Keywords: Genome, Prunus avium, High-throughput sequencing, Rosaceae
Specification Table
| Subject | Omics: Genomics |
| Specific subject area | Draft genome of Prunus avium cv ‘Stella’ using short and long-read high throughput sequencing technologies to facilitate sweet cherry genetics, genomics and breeding research |
| Type of data | Genomic sequence |
| How data were acquired | PacBio, Illumina and Roche 454 reads were assembled with CLC Genomics Workbench v.6.0.1 |
| Data format | Raw read data – fastq format Analyzed data – fasta format |
| Parameters for data collection | A total of 107,531 contigs were assembled with 185 scaffolds with a maximum length of 132,753 nucleotides (nt) and an N50 value of 4,601. Average depth of coverage was 135.87nt; median depth of coverage 31.50nt. The assembly was generated from Paired-End Illumina reads. |
| Description of data collection | Data were collected from processing the raw reads produced via the different sequencing platforms using the CLC Genomics Workbench v. 6.0.1. |
| Data source location | Washington State University Pullman, WA. United States of America 46°43′52.57" N -117°10′46.63″ W |
| Data accessibility | Data hosted on NCBI (https://www.ncbi.nlm.nih.gov/): NCBI accession - SRR4280447, Type: Illumina HiSeq 2000 https://www.ncbi.nlm.nih.gov/sra/SRR4280447 NCBI accession - SRR4280448, Type: 454 GS FLX Titanium https://www.ncbi.nlm.nih.gov/sra/?term=SRR4280448 |
| Related research article | Hewitt S, Kilian B, Hari R, Koepke T, Sharpe R, Dhingra A (2017) Evaluation of multiple approaches to identify genome-wide polymorphisms in closely related genotypes of sweet cherry (Prunus avium L.). Comput Struct Biotechnol J. doi:10.1016/j.csbj.2017.03.002 |
Value of the Data
-
•
The sequence data from the first self-fertile named sweet cherry cultivar generated via mutation breeding will be useful for genomics research.
-
•
The genomic data from ‘Stella’ cultivar are valuable for understanding the genetic diversity of sweet cherry, since this fruit crop experienced a genetic bottleneck during its domestication.
-
•
Plant breeders, bioinformatics scientists, genomics and genetics scientists and biotechnologists will benefit from these data.
-
•
These data can be used in developing trait-linked molecular markers and quantitative trait loci to develop superior cultivars.

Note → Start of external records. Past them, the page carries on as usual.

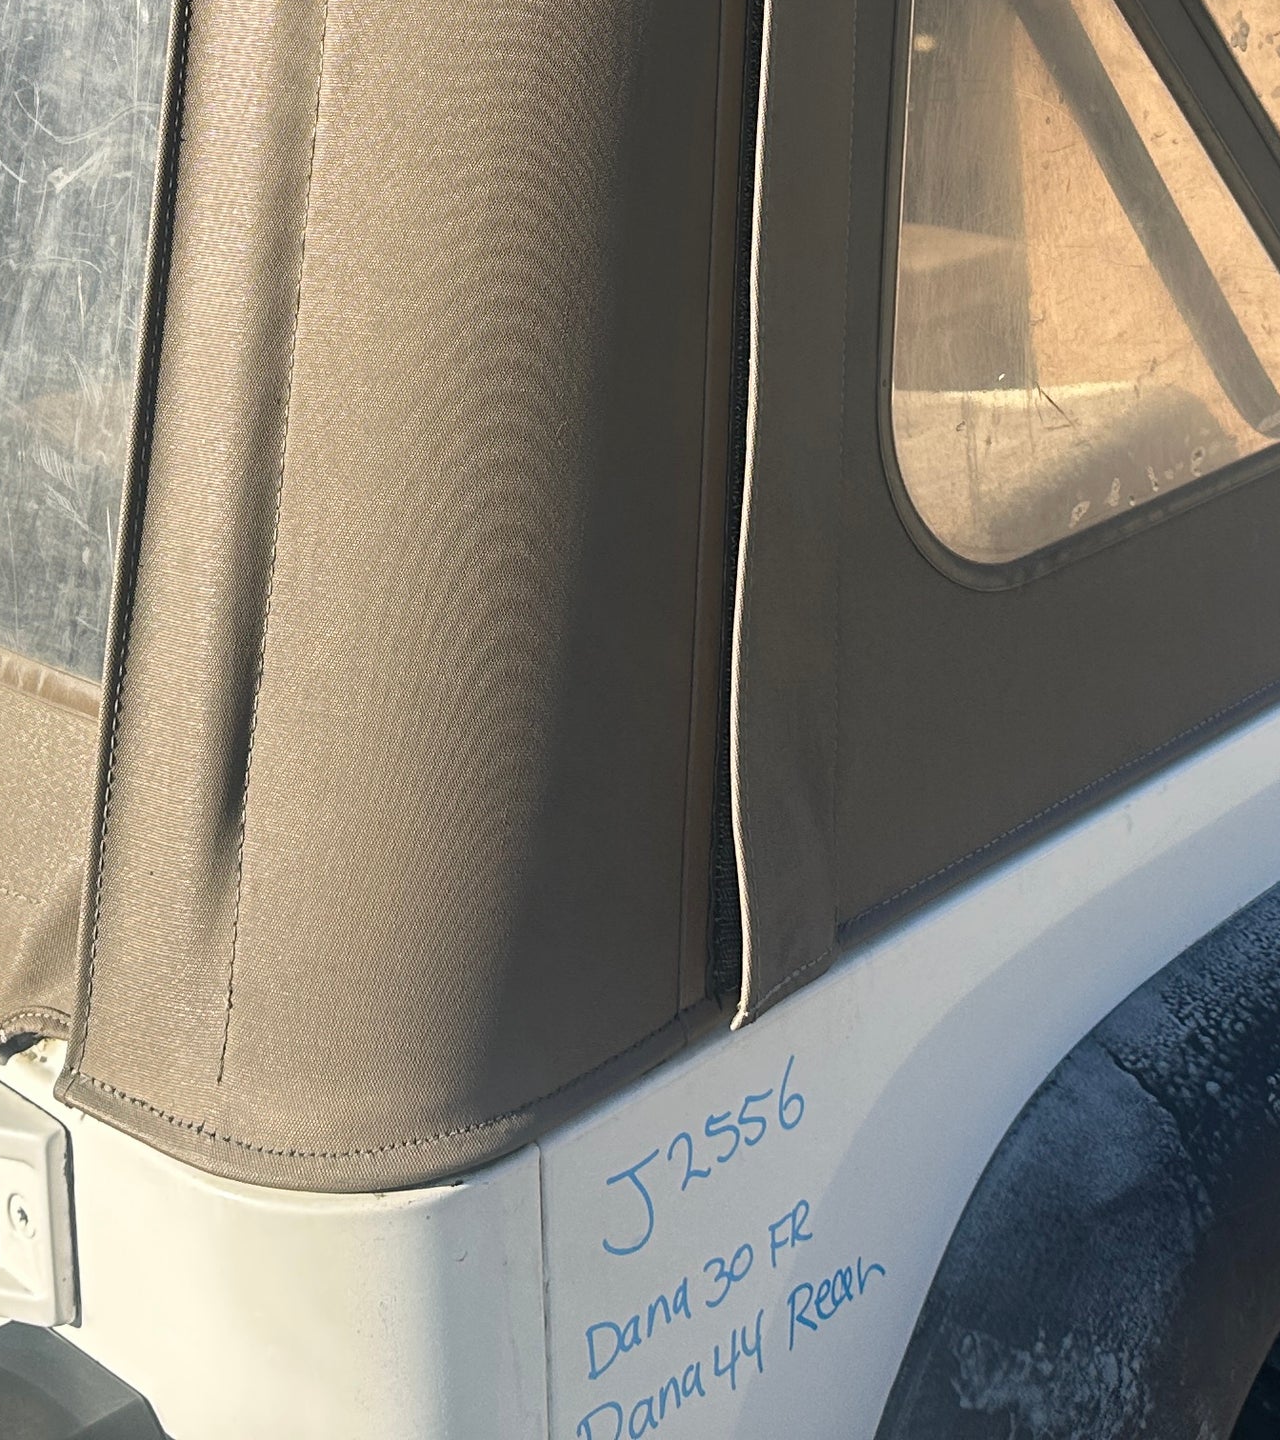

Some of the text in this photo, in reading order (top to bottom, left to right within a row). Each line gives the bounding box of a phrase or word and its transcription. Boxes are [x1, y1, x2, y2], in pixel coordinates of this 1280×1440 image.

[576, 1361, 706, 1440] Dana
[713, 1308, 764, 1391] 44
[585, 1276, 692, 1381] Dana
[703, 1243, 754, 1309] 30
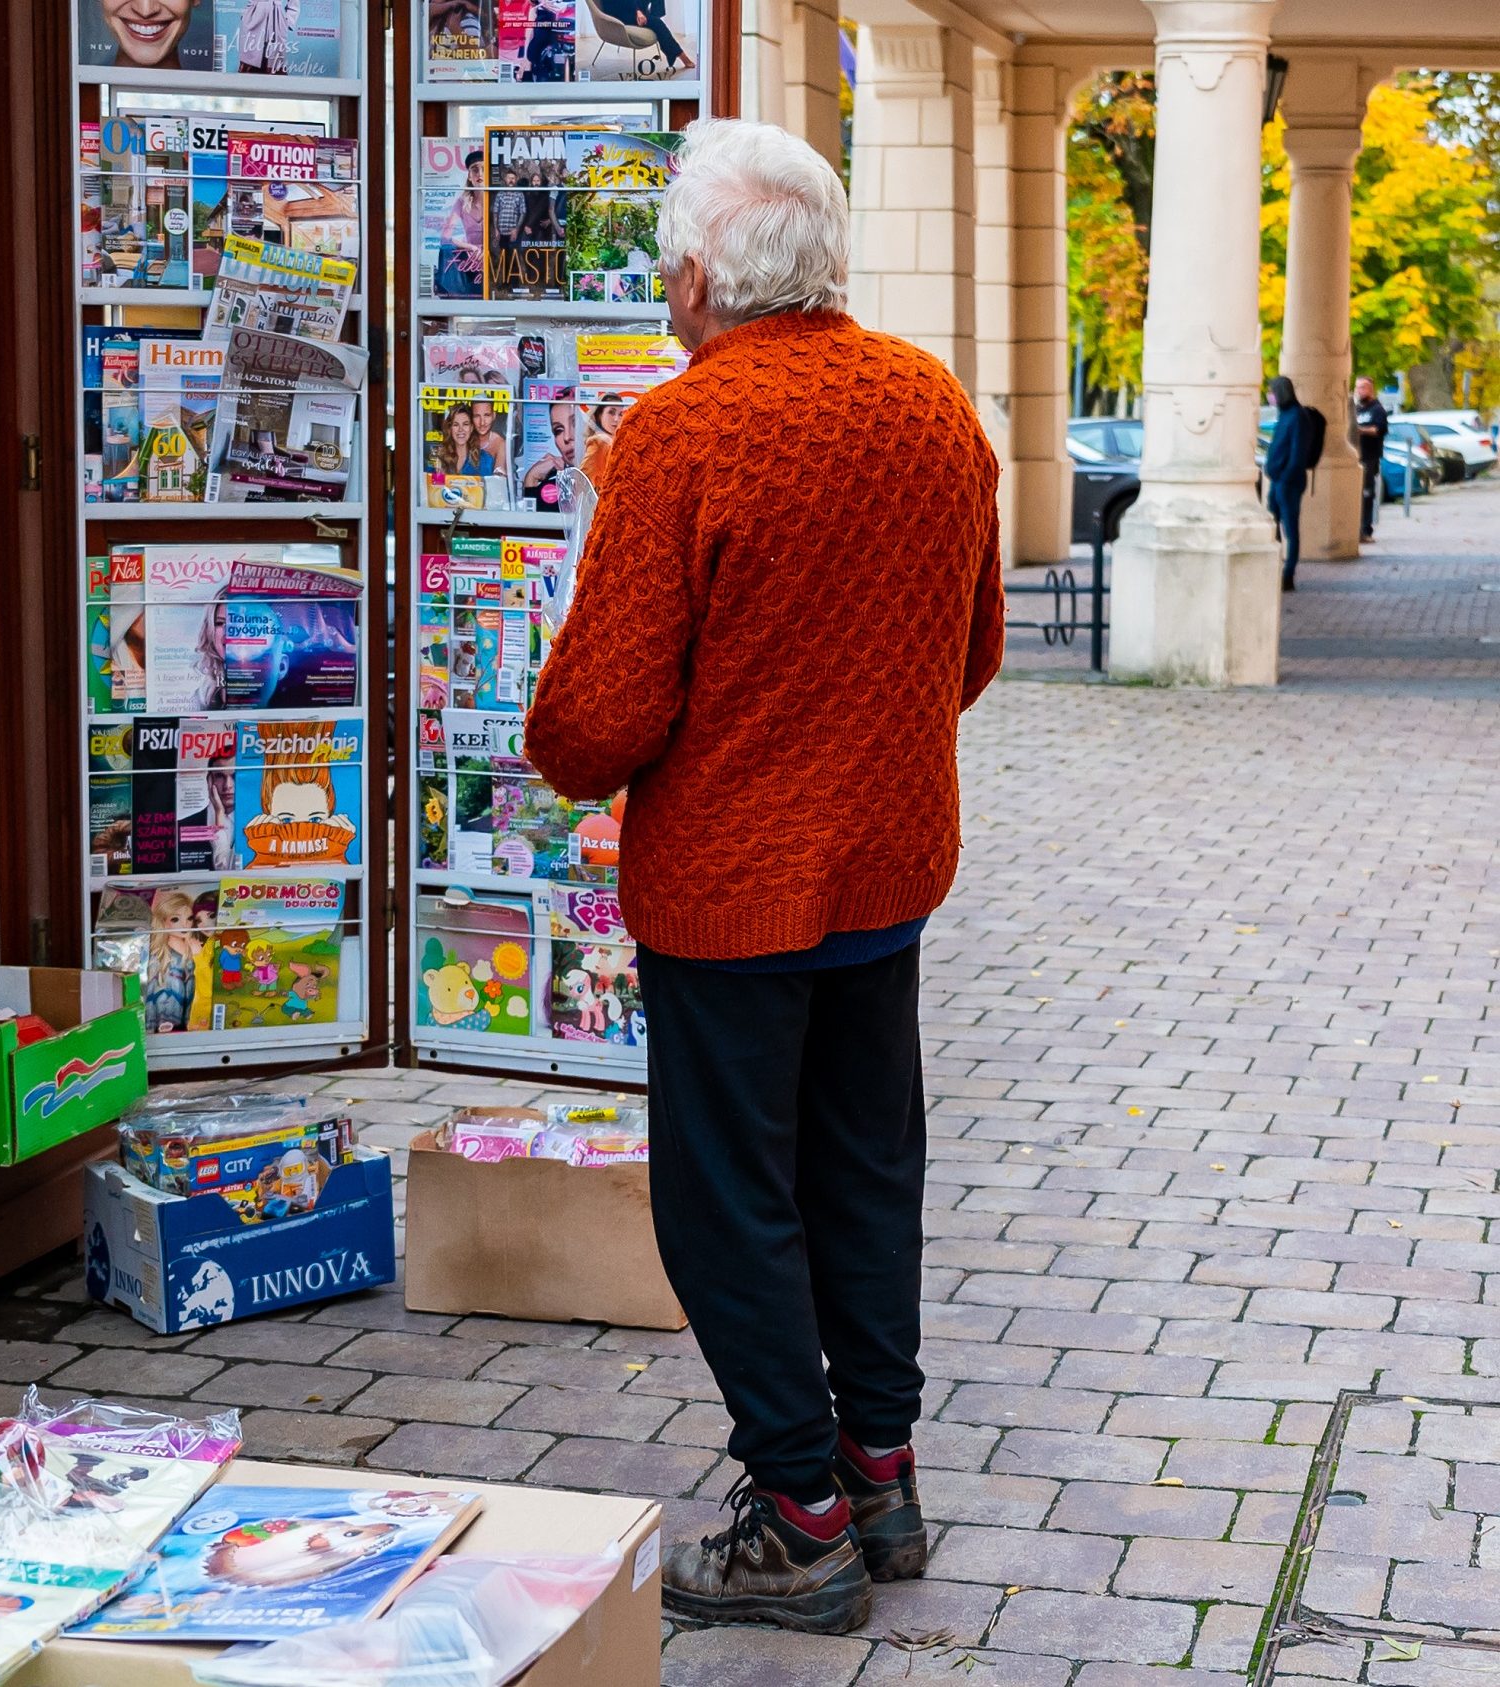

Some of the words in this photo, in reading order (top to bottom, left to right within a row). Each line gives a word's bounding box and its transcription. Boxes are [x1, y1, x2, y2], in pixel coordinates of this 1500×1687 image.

[90, 43, 113, 51] NEW
[183, 48, 210, 57] HOPE
[250, 144, 315, 166] OTTHON
[266, 163, 314, 180] KERT
[151, 344, 223, 367] Harm
[581, 349, 610, 357] JOY
[152, 431, 187, 458] 60
[526, 550, 558, 560] AJÁNDÉK
[230, 577, 259, 589] NEM
[261, 579, 307, 591] MINDIG
[228, 612, 272, 624] Trauma-
[241, 732, 359, 754] Pszichológia
[269, 839, 277, 852] A
[281, 837, 328, 854] KAMASZ
[582, 837, 598, 849] Az
[197, 1164, 219, 1177] LEGO
[224, 1157, 253, 1174] CITY
[251, 1250, 373, 1305] INNOVA

The collective information will also aid in performing functional characterization of genes.
1. Data Description
Cultivated Sweet Cherry varieties are an outcome of the domestication of the wild cherry Prunus avium L., and are thought to have originated in the region between the Black and Caspian Seas [1,2]. The data from Prunus avium cv. ‘Stella’ was generated using two different next generation sequencing platforms. Single, 8 kb paired-end (PE), and 20 kb PE reads were generated using pyrosequencing on the 454 GS FLX instrument, and 100 bp PE reads were generated using Illumina 2000 instrument. A total of 18.38 GB of data were generated and with the genome size estimated to be 352.9 Mb, these data represent 81.68X coverage of the genome. Specific details about the data are summarized in Table 1.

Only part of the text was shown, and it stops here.